(Given data Opens)
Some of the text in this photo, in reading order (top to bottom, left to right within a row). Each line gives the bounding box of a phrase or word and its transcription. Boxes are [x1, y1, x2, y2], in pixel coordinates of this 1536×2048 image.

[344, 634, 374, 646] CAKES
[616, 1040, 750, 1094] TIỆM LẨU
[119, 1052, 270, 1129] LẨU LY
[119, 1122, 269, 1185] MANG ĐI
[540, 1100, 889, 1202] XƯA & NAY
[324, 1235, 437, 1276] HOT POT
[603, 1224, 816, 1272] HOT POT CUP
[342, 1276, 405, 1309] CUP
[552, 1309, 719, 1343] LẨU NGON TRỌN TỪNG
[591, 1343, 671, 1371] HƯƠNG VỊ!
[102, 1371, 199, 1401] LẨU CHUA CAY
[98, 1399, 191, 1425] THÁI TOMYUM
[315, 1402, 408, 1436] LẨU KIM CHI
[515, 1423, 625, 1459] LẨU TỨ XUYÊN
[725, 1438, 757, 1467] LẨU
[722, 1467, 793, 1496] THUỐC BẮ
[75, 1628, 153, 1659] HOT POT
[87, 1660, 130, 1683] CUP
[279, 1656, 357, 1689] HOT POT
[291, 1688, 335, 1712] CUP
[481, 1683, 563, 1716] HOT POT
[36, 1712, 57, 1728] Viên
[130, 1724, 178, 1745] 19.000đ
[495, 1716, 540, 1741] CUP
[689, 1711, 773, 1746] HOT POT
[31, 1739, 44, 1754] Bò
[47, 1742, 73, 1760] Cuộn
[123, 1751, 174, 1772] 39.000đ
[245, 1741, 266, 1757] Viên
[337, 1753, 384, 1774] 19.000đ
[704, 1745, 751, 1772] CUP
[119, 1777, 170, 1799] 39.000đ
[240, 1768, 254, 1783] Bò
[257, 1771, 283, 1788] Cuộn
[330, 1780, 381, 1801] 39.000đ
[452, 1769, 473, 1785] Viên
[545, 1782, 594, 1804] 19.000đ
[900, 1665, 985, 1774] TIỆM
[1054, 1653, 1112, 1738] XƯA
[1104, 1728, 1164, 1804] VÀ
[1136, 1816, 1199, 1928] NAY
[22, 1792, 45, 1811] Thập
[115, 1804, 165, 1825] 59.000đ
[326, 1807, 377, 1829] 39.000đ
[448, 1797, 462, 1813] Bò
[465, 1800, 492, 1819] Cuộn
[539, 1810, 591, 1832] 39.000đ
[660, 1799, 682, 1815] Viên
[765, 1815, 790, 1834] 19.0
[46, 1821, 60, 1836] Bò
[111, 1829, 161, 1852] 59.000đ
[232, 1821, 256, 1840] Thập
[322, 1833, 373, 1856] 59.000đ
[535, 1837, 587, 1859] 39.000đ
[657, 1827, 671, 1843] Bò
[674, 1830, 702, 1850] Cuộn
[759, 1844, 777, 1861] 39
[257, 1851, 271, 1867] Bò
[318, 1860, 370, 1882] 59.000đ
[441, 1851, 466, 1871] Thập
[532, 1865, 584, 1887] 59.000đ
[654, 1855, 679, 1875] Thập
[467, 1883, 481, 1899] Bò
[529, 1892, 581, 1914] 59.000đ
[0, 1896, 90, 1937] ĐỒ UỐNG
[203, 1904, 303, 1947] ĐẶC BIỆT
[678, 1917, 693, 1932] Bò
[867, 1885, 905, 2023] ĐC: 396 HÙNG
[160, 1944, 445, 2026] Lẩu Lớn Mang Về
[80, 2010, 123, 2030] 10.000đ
(Given data Closes)
Reply with a number alone, the number of lines of the records that hold the word "Thập".

4